Record extracts:
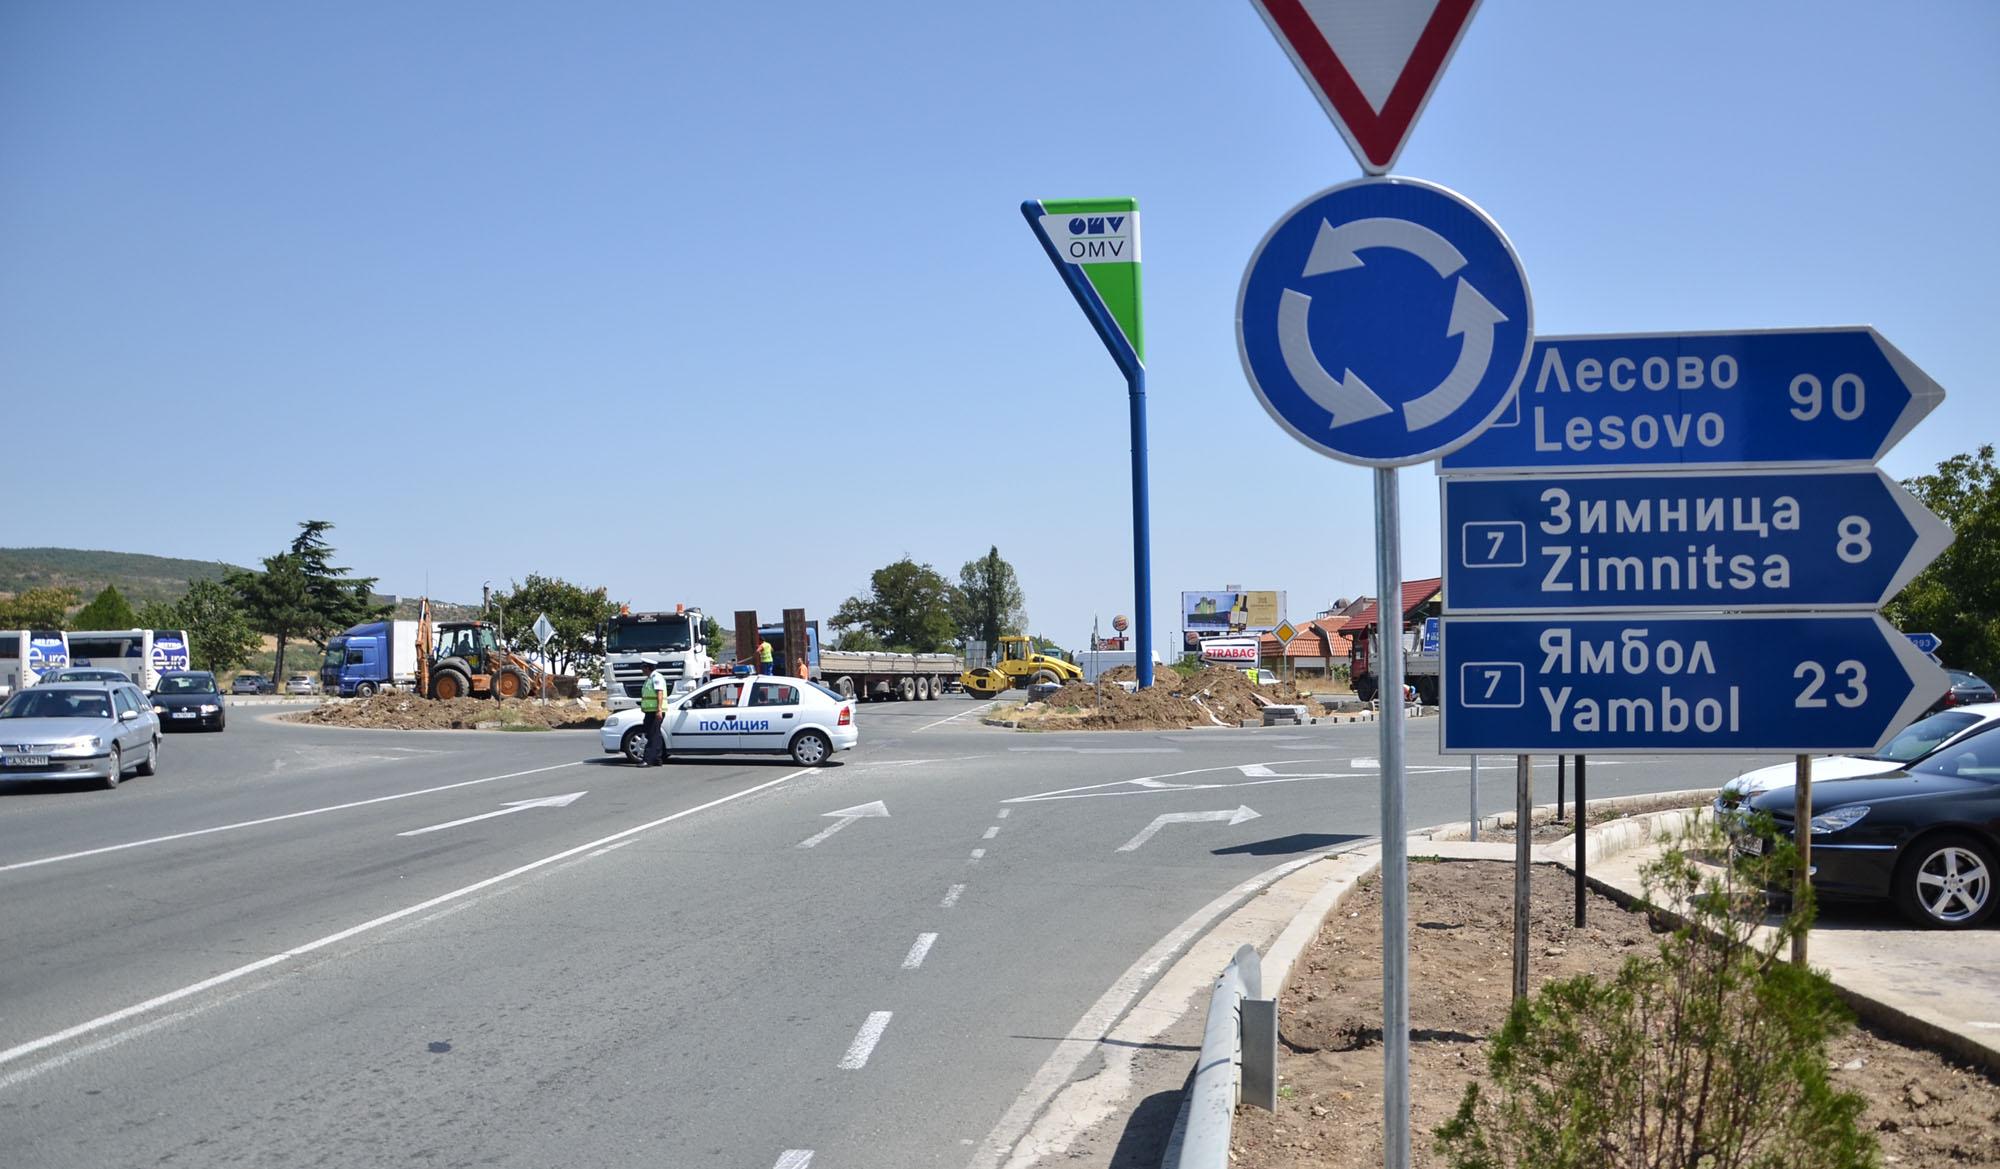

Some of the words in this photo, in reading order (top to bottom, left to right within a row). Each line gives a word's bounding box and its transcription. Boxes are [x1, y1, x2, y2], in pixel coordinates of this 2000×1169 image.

[1069, 241, 1124, 258] OMV
[1535, 348, 1739, 393] Лесово
[1790, 374, 1865, 421] 90
[1534, 406, 1725, 451] Lesovo
[1540, 487, 1801, 538] Зимница
[1487, 531, 1504, 559] 7
[1836, 515, 1872, 563] 8
[1540, 544, 1791, 592] Zimnitsa
[1205, 648, 1256, 658] STRABAG
[1539, 628, 1716, 675] Ямбол
[1484, 670, 1501, 698] 7
[1793, 660, 1868, 708] 23
[699, 720, 769, 733] ПОЛИЦИЯ
[1539, 686, 1739, 733] Yambol
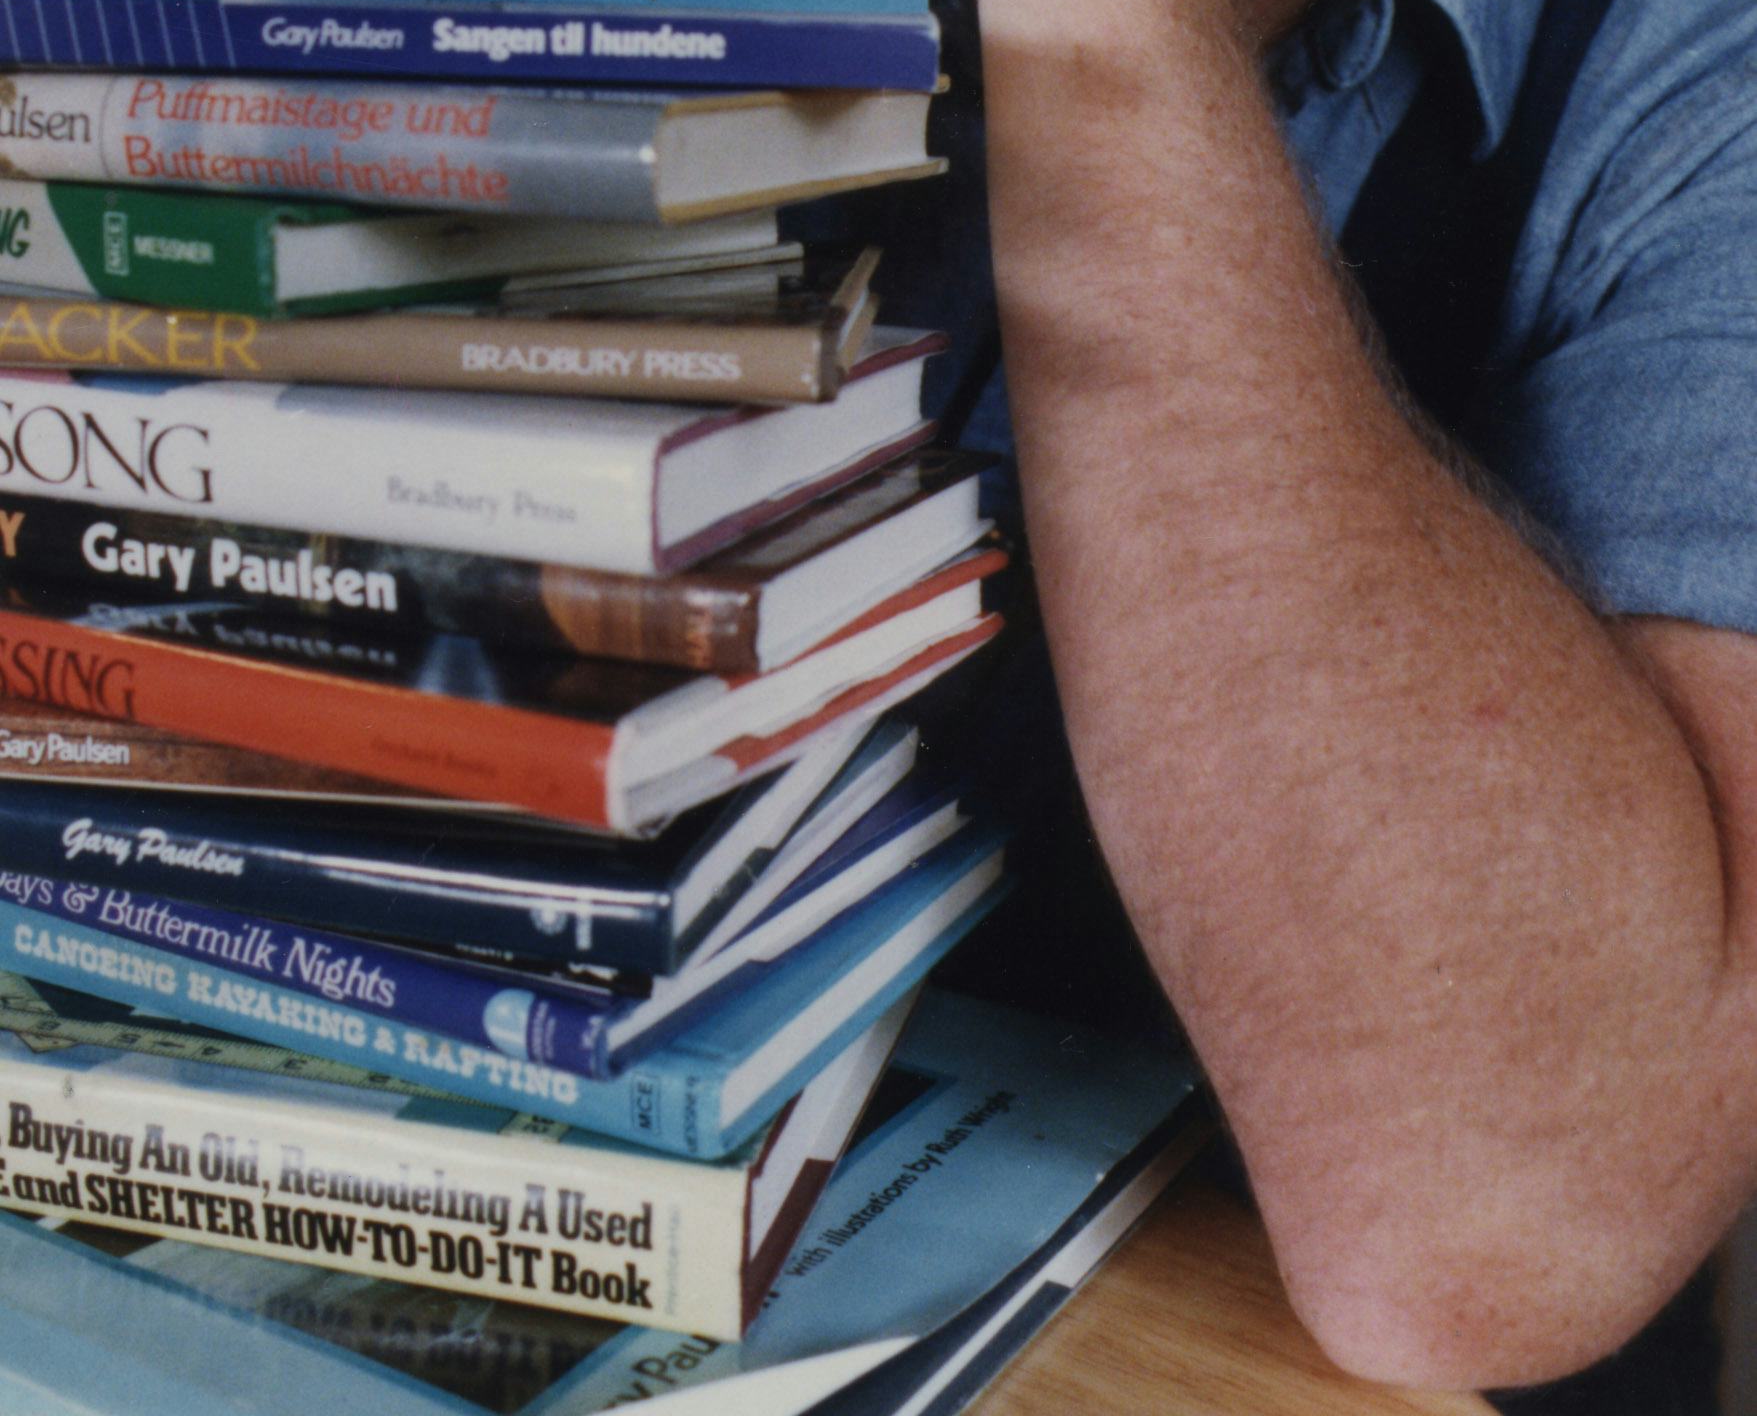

The task:
Quote each entry above verbatim and drop the pictures.

Expected output:
Some of the words in this photo, in reading order (top to bottom, left to right within a row). Each line gives a word's bounding box and its transcription. Boxes are [x1, y1, x2, y2], in pixel coordinates of this 2000×1169 image.

[1069, 241, 1124, 258] OMV
[1535, 348, 1739, 393] Лесово
[1790, 374, 1865, 421] 90
[1534, 406, 1725, 451] Lesovo
[1540, 487, 1801, 538] Зимница
[1487, 531, 1504, 559] 7
[1836, 515, 1872, 563] 8
[1540, 544, 1791, 592] Zimnitsa
[1205, 648, 1256, 658] STRABAG
[1539, 628, 1716, 675] Ямбол
[1484, 670, 1501, 698] 7
[1793, 660, 1868, 708] 23
[699, 720, 769, 733] ПОЛИЦИЯ
[1539, 686, 1739, 733] Yambol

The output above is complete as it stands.